Root Mean Square (RMS) Determinations: More concrete data concerning the previous points can be derived from RMS determinations. To do this, go to the Layer Infos window and click on the target and select all residues in the Control Panel except OXT46, so that “46” shows in the Sel column (Layer Infos). Do this for 1CRN and 1CCN, as well. [All must have “46” in the Sel column, because RMS can only be determined with paired values (slide #64).] Then, go to Tools (Main Window): Calculate RMS: CA (carbon alpha) only and select target and 1CRN: OK. This results in a value of 0.66 Ǻ for the overall structures of target vs. 1CRN; a value of 0.53 Ǻ is obtained by comparing target vs. 1CCN. For RMS determined for backbone atoms only, the corresponding values include 0.62 Ǻ (target vs. 1CRN) and 0.59 Ǻ (target vs. 1CCN).  In summary, these data are entirely consistent with the Chothia/Lesk premise (slide #61).

 

Divergence within the loop regions (residues 19-22) is equally obvious by repeating the operations for these residues only. In this case, a comparison of target to 1CRN provides a value of 2.02 Ǻ (CA only) and 1.85 Ǻ (backbone atoms only). At the other end of the spectrum, the RMS deviation for the first helix (residues 7-18) of the target and 1CRN is 0.23 Ǻ (CA only) and 0.27 Ǻ (backbone atoms only). Therefore, the assumptions made from visual inspection are verified by real calculations.

 

The Rotamer Library: The extensive changes in the 1CRN sequence for the previous exercises were meant to illustrate the modeling of a similar protein from another plant species. Many times, however, e.g., in protein engineering, only a few specific changes are desired, in which case the rotamer library is very important. To illustrate this point, load the 1CRN.pdb file in order to substitute only one residue in the loop structure (residues 19-22), i.e., PGTP to PSTP or glycine to serine. In this case, the Layer Infos panel contains only one structure. Checkmark CA in this window, and uncheck all “side” column positions except for residues 19-22 (Control Panel). Finally, checkmark “label” column for residues 19-22 and position structure so that you have a clear view of GLY20. Click on the MUTATE button (Main Window), the CA atom of GLY20 and then select SER from the menu. In this case, you have a choice of 7 rotamers (click on small arrowheads), so select one that has no clashes (absence of dashed pink line), and accept it by clicking MUTATE again. Note: The resulting structure would then be submitted to Swiss-Model for energy minimization, as the final step.

 

The Loop Database: As emphasized in the presentation and the exercises above, modeling-by-homology progresses from structurally conserved regions (SCRs) and, then, these are connected by “loops.” A loop database, therefore, is an important resource for finalizing a model. To illustrate this point, load the 1CRN.pdb file and perform all steps as above, but checkmark the “label” column (Control Panel) for residues 18-23. There are two ways to proceed, either separately or in tandem. In the Main Window, click on Build: Build Loop or Build: Scan Loop Database.
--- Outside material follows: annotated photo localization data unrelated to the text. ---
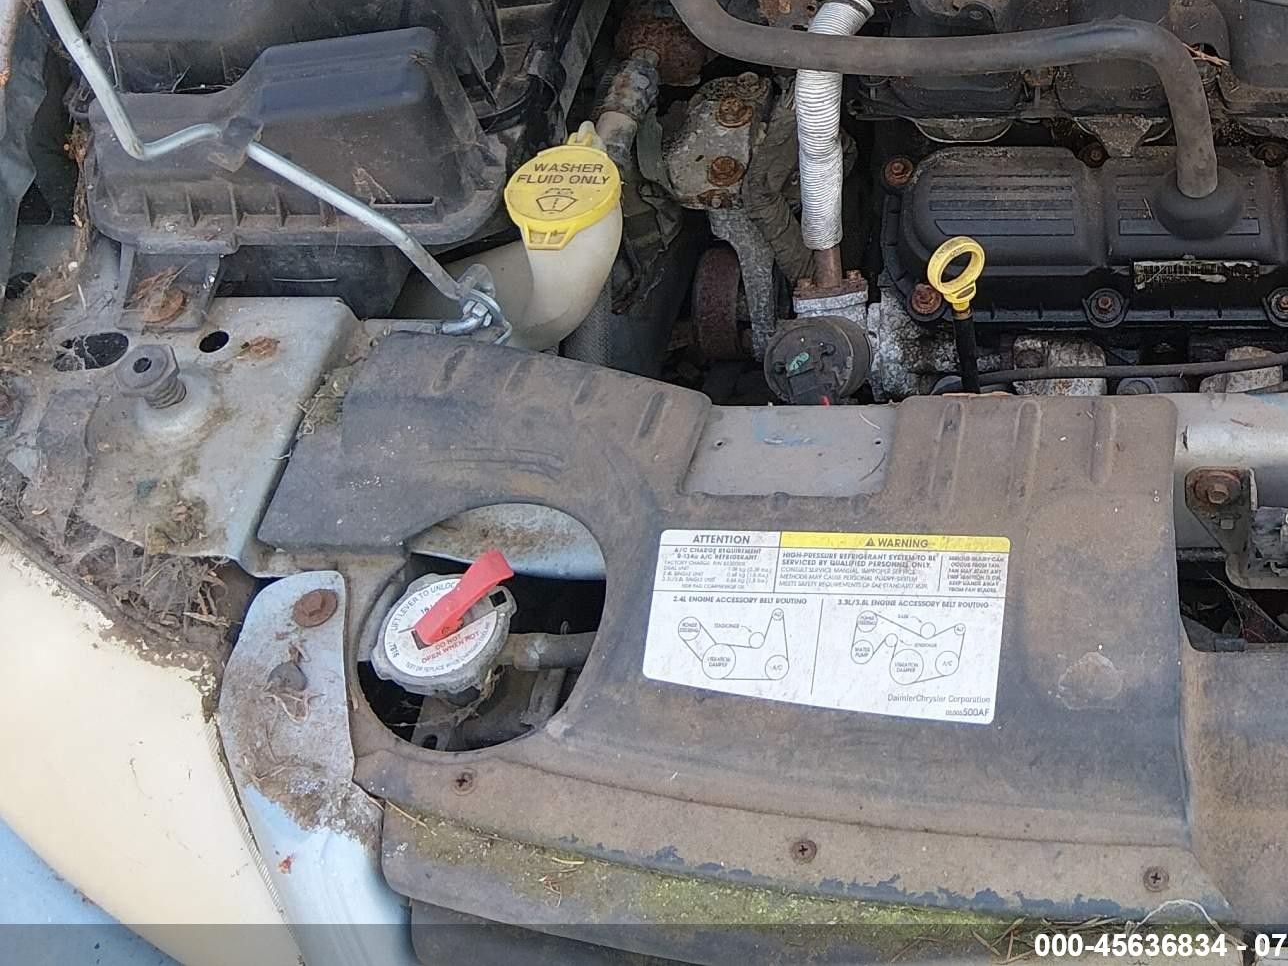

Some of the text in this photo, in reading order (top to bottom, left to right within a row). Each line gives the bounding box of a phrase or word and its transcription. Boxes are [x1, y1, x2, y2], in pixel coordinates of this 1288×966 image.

[535, 163, 604, 173] WASHER
[517, 174, 610, 185] FLUID ONLY
[693, 535, 750, 544] ATTENTION
[878, 538, 929, 548] WARNING
[782, 552, 837, 560] HIGH-PRESSURE
[839, 553, 887, 561] REFRIGERANT
[399, 596, 418, 617] LEVER
[419, 590, 430, 599] TO
[430, 581, 456, 594] UNLOC
[715, 596, 758, 604] ACCESSORY
[422, 650, 442, 664] OPEN
[888, 693, 991, 704] DaimlerChrysler Corporation
For both of these procedures, you will be asked to pick the first anchor point and then the second anchor point, which is equivalent to picking the residue immediately before and after the loop sequence, respectively, i.e., LEU18 and GLU23. In both cases, you will be presented with a number of choices, in no particular order, but they can be ordered by various criteria, e.g., force field (FF) by clicking on “FF.” When a selection is made, make sure you have a clear view of the loop to see how it changes. Obviously, your selection will be based on lowest FF, PP, number of clashes, etc. Liberal use of the tutorials and practice is really needed to make these points clear. Finally, the loop-modified model needs to be submitted to Swiss-Model for energy minimization, as in the previous exercise.